The parametric curve
x(t)=3cos(t)
y(t)=7sin(2t)
intersects itself at a point P=(x0,y0) where x0= y0=
The slopes of the 2 tangents at this point are?
THANK YOU!
To find the point of intersection on the curve, we need to find the values of t at which the x and y coordinates are equal. So, setting x(t) = y(t), we have:
3cos(t) = 7sin(2t)
Now we need to solve this equation for t. To do this, we can use trigonometric identities and simplify the equation:
3cos(t) = 7(2sin(t)cos(t))
Dividing both sides by cos(t), we get:
3 = 14sin(t)
Now solving this equation for sin(t), we have:
sin(t) = 3/14
We can take the inverse sine (sin^(-1)) of both sides to find t:
t = sin^(-1)(3/14)
Now that we have found the value of t, we can substitute it back into the parametric equations to find the x and y coordinates at the point of intersection:
x0 = 3cos(t) = 3cos(sin^(-1)(3/14)) ≈ 2.91
y0 = 7sin(2t) = 7sin(2sin^(-1)(3/14)) ≈ 1.21
So, the point of intersection on the curve is P = (x0, y0) ≈ (2.91, 1.21).

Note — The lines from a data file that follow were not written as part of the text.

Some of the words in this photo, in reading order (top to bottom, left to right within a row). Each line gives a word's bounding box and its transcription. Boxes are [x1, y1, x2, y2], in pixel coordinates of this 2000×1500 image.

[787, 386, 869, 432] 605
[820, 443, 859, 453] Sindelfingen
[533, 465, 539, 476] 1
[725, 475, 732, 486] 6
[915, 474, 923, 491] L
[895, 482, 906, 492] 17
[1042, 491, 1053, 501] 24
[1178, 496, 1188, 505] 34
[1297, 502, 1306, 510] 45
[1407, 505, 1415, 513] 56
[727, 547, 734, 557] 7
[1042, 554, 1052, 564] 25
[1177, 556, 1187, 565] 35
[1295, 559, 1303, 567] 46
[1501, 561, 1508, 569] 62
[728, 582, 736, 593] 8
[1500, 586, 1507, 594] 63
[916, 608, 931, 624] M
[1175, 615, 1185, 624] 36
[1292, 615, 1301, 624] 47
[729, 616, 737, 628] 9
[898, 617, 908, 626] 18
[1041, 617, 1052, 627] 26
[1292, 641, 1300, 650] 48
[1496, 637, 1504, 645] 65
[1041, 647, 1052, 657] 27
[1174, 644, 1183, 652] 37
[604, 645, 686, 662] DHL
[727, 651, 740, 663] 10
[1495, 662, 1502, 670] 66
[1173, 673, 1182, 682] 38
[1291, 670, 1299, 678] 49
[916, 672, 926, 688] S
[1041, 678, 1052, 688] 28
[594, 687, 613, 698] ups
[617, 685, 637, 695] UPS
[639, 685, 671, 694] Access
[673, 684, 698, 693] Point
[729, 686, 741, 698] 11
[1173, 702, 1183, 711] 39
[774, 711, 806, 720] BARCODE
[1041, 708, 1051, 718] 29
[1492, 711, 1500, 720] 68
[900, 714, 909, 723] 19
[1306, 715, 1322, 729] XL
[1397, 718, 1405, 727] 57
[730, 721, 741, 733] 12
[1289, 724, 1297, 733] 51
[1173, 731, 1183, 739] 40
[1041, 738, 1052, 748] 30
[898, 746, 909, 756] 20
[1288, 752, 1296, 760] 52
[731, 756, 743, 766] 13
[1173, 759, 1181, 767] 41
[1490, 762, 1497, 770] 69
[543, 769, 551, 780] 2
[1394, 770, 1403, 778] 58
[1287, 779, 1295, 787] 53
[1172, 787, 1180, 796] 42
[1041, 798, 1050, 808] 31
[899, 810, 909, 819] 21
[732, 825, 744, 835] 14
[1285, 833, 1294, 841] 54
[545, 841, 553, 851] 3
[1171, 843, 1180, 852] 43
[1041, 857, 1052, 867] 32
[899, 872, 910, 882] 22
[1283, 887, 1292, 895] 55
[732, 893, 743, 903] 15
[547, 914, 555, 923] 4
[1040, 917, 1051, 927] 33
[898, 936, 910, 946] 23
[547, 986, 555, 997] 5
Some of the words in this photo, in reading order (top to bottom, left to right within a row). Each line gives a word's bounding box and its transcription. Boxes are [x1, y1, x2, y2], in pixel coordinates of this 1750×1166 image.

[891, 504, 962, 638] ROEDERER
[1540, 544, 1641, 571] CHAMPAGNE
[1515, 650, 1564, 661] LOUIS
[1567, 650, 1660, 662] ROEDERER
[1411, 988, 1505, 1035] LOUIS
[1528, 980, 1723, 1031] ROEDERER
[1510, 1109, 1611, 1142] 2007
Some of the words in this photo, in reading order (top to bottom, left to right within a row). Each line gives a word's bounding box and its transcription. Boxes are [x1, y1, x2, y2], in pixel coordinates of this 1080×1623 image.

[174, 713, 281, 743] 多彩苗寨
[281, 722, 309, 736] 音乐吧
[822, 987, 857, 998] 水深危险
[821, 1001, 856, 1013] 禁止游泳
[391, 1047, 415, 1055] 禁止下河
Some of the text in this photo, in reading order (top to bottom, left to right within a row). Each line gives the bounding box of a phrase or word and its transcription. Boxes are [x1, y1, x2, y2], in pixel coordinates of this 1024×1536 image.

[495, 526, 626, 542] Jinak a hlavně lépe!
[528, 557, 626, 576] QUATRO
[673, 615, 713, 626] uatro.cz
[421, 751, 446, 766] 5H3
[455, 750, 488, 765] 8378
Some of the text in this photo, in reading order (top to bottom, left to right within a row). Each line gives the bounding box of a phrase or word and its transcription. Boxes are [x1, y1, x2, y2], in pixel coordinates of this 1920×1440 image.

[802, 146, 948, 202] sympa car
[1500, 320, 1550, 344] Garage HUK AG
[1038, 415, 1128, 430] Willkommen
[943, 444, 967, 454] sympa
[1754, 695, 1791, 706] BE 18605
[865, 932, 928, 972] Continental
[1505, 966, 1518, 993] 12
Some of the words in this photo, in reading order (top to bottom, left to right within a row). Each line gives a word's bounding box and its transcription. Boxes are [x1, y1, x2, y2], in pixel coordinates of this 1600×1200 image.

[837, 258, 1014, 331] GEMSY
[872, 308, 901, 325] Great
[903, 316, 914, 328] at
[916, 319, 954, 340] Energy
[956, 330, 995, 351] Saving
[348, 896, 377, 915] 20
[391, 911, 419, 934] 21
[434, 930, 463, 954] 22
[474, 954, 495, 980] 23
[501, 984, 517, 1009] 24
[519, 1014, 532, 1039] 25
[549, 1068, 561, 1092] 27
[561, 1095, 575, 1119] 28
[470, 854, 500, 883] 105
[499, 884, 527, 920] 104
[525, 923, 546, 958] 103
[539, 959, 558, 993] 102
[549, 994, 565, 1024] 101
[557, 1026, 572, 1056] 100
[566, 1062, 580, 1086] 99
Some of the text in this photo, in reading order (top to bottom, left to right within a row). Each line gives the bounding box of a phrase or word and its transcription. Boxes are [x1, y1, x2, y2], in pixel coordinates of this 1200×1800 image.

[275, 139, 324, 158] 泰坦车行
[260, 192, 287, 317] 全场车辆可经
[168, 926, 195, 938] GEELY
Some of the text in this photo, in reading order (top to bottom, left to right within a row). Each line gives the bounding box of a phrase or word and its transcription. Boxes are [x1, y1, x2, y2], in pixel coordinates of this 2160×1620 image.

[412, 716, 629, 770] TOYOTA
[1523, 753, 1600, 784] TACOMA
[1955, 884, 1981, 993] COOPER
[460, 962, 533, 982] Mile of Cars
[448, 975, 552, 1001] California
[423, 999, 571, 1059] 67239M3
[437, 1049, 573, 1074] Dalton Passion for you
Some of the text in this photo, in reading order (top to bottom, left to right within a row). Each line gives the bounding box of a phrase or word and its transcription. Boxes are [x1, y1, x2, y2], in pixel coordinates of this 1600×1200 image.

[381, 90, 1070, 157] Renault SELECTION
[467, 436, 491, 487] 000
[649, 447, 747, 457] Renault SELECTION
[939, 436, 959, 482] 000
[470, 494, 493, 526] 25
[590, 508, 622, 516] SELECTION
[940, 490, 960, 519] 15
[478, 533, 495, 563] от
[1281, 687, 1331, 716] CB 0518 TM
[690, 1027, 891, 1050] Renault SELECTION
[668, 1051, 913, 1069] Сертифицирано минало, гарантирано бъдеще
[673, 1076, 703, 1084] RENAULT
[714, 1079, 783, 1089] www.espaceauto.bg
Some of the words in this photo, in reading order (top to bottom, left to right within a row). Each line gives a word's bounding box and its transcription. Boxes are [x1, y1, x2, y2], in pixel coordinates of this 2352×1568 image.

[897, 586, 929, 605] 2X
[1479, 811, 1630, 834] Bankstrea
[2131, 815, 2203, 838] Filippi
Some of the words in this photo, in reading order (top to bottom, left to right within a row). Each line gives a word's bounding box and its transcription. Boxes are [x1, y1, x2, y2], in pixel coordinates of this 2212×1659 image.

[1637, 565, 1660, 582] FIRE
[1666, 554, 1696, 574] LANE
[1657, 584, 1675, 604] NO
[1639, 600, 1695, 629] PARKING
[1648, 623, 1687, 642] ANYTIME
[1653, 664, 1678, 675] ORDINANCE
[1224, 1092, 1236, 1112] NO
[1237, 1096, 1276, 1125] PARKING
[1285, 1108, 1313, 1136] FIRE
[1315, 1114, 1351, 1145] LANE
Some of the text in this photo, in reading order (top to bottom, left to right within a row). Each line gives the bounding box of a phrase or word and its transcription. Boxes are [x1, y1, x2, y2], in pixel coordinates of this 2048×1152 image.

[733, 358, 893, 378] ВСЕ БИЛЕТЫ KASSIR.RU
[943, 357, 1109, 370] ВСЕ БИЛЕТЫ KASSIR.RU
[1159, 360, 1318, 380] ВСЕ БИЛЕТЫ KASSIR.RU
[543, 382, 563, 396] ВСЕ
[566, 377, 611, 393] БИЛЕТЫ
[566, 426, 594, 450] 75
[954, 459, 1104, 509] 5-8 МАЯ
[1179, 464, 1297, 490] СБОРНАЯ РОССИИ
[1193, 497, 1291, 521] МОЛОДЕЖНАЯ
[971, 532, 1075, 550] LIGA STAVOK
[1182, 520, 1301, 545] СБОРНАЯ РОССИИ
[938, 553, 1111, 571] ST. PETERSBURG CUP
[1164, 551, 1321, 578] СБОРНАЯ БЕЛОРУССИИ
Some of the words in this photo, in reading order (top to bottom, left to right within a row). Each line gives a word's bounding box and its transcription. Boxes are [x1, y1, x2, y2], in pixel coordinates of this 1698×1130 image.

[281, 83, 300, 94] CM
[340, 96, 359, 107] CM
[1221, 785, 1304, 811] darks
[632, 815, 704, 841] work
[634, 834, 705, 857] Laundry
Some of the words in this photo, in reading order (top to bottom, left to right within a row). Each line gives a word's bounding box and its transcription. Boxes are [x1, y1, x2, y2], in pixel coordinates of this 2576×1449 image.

To find the slopes of the two tangents at this point, we need to find the derivative of the parametric equations with respect to t. Taking the derivatives gives us:
dx/dt = -3sin(t)
dy/dt = 14cos(2t)
Now, we can find the slopes of the tangents by substituting the value of t at the point of intersection:
Slope of the first tangent = dy/dt / dx/dt = (14cos(2t)) / (-3sin(t)) = (-14cos(2t)) / (3sin(t))
Slope of the second tangent = dy/dt / dx/dt = (14cos(2t)) / (-3sin(t)) = (-14cos(2t)) / (3sin(t))
So, the slopes of the two tangents at point P are (-14cos(2t)) / (3sin(t)) and (-14cos(2t)) / (3sin(t)) respectively.